La contromossa del colosso americano

La libreria che ha sfidato Amazon (ma che, alla fine, ha già perso)

La libreria che ha sfidato Amazon (ma che, alla fine, ha già perso)
13 Ottobre 2015 ore 14:50

Il 7 dicembre 1942 le truppe aeronavali giapponesi attaccarono la base navale di Pearl Harbor, nelle isole Hawaii, formalizzando di fatto l’ingresso degli Stati Uniti d’America nella Seconda Guerra Mondiale; il 10 settembre 2015 la catena di librerie giapponesi Kinokuniya (56 librerie sparse per il Paese e una ottantina nel mondo) ha dichiarato guerra a Amazon (colosso della editoria on-line di Seattle, USA) acquistando il 90 percento delle copie della prima stampa del libro dello scrittore giapponese Haruki Murakami, per poi redistribuirle alle librerie nipponiche con il fine dichiarato di sostenere l’editoria fisica, contro l’ingerenza dei grandi rivenditori online.

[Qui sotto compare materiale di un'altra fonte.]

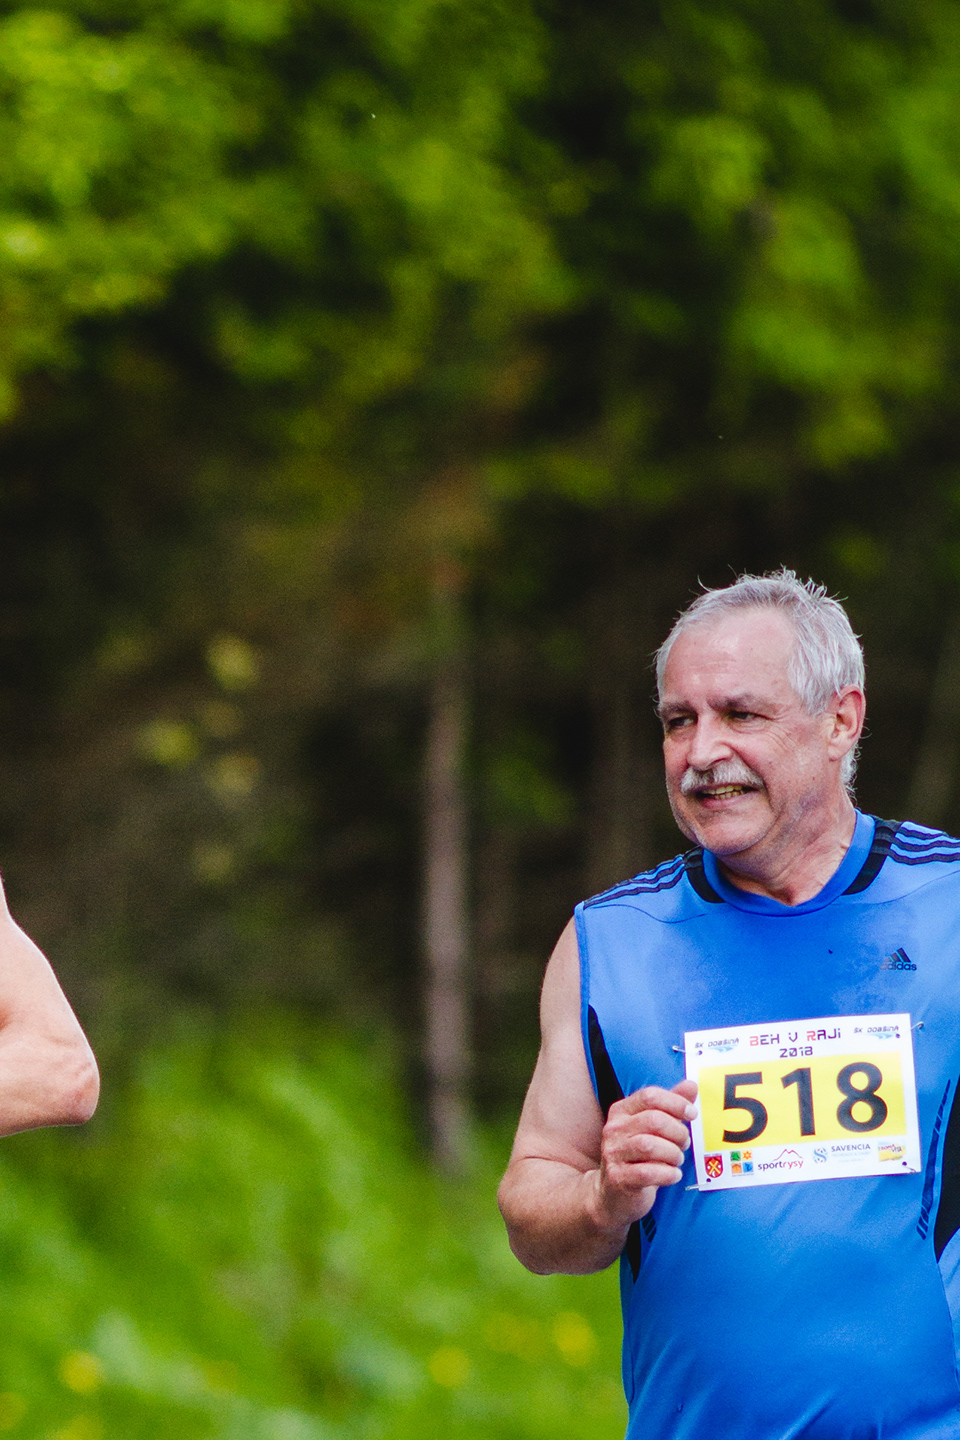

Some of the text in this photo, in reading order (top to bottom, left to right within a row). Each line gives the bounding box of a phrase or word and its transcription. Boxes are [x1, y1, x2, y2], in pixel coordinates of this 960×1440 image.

[749, 1033, 780, 1047] BEH
[779, 1045, 813, 1058] 2018
[722, 1061, 888, 1144] 518
[831, 1143, 871, 1152] SAVENCIA
[757, 1160, 804, 1172] sportrysy
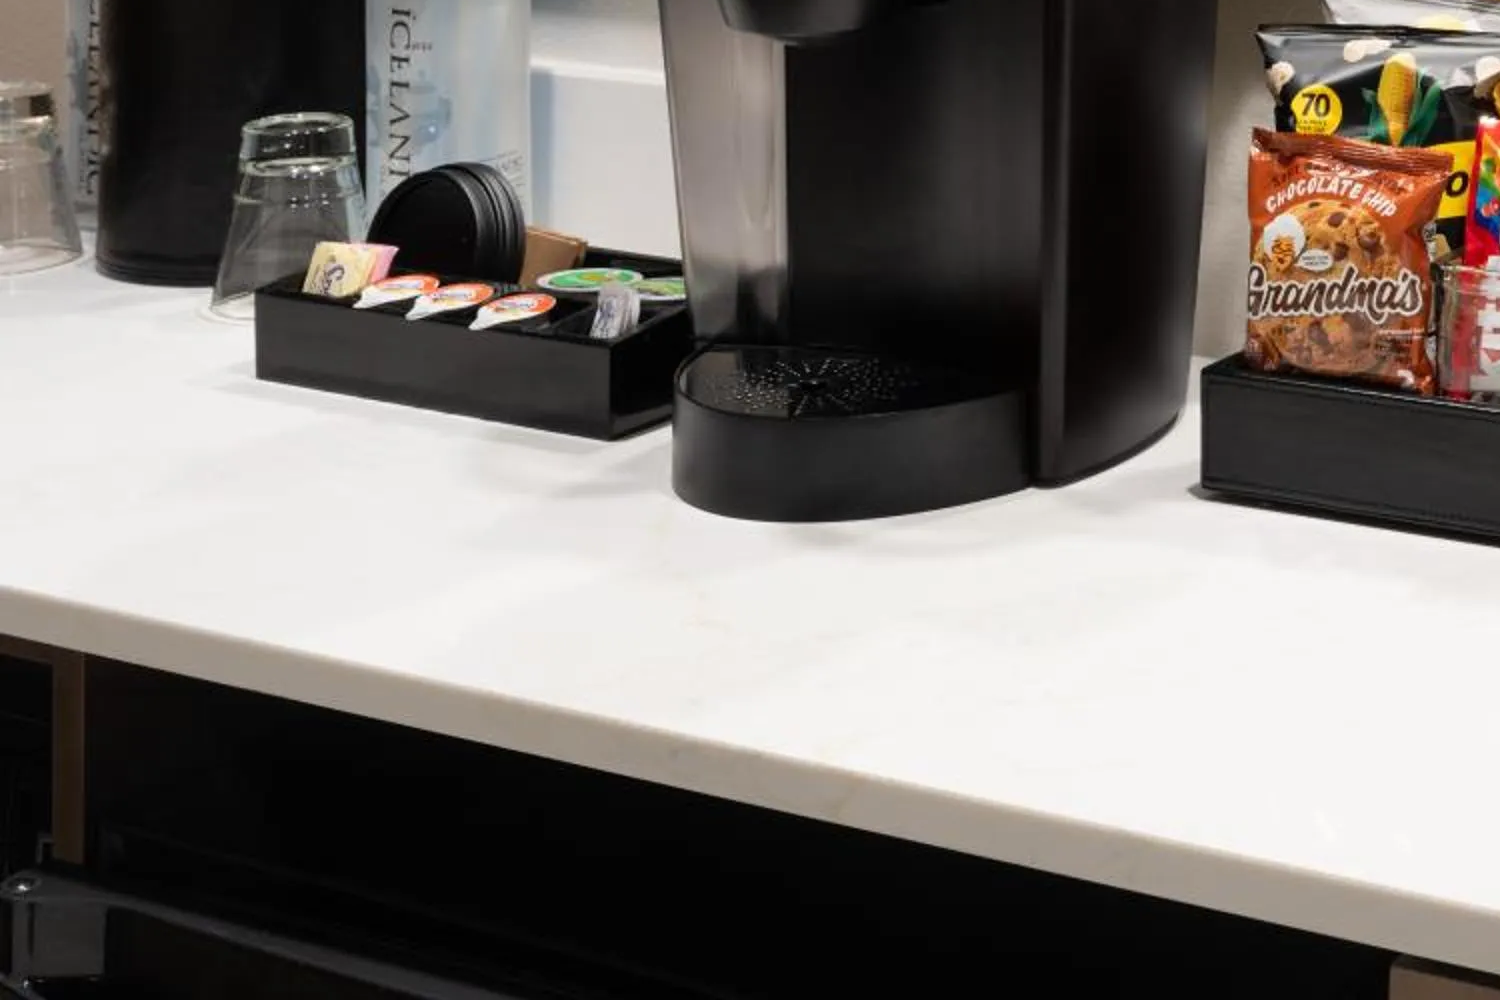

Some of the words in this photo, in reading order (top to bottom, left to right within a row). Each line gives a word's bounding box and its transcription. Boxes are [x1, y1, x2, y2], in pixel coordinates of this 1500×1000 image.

Insomma, cari giapponesi, anche se siete i più grandi lettori di ebook al mondo (perché a voi la tecnologia piace), d’ora in poi se volete leggere Murakami dovete andare in libreria e comprare un libro fisico, tangibile, con le pagine che ingialliscono e che funziona anche senza corrente. Ebbene sì, i samurai sono tornati e i “Gajin” (termine velatamente razzista per indicare lo straniero) devono cominciare a tremare. I giapponesi non sono più i romantici kamikaze che si gettavano in picchiata sulle navi americane pur di vincere la battaglia; ora sono qualcosa di più vicino agli strateghi del Risiko in salsa verde (quella dei dollari si intende) o blu (se preferite pagare in Yen). Se siete in cerca di romanticismo made in Japan andate alla festa dei ciliegi a fine marzo (si chiama Hanai, se siete interessati), qui si fa la guerra.

 

 

Cerchiamo di capire il problema: le librerie sono in crisi, la gente preferisce stare sul divano e comprare un ebook con un click piuttosto che alzarsi, prendere la macchina, andare in negozio e pagare per qualcosa che se va bene tra un mese prederà polvere su uno scaffale. Si, tutto giusto, nulla da eccepire, ma tu, caro lettore, ti sei appena comprato una libreria da Ikea, l’hai montata e ti piace la polvere. Il problema è che loro non vogliono voi, vogliono le altre milioni di persone che vi circondano. È così che le librerie hanno iniziato a chiudere e qualcosa ce lo si doveva pure inventare; nello specifico: prendere lo scrittore giapponese più famoso, farne un martire della causa acquistando le prime copie del suo ultimo libro, tenerne per sé il 40 percento, redistribuire a basso costo il restante alle piccole librerie del Paese e aspettare che il “volano” (parola cara al Montezemolo crozziano, ma dal dubbio significato) si metta in moto, inducendo il giapponese medio a riscoprire il piacere della lettura su carta e, perché no, il buon cuore delle catena di librerie più grande del Giappone.

Alla ricetta della vittoria mancano solo due cose: il generale che dimostra di crederci, e qui Hitoshi Fujimoto, boar member della Kinokuniya, dichiarando che «this is not an experiment but our new business with certain calculated risk» (questo non è un esperimento, ma il nostro nuovo modo di fare affari) ha aiutato parecchio, e il giusto patriottismo nipponico alimentato dal racconto che il primo store della Kinokuniya, aperto nel 1927 a Shinjuku (quartiere centrale di Tokyo), fu raso al suolo da un incidendo causato da un raid aereo a stelle e strisce nel 1945. Ora è tutto pronto, si va alla grande, Amazon deve perdere. Piccolo problema: Amazon nel 2014 ha fatto utili per 92 milioni di dollari, e non si fanno tanti soldi se si è un fessacchiotto pronto a farsi fregare dal primo rigurgito di patriottismo asiatico, quindi la suddetta multinazionale ha contattato l’editore e lo ha “convinto” a vendergli 5mila copie del libro della discordia. Game over.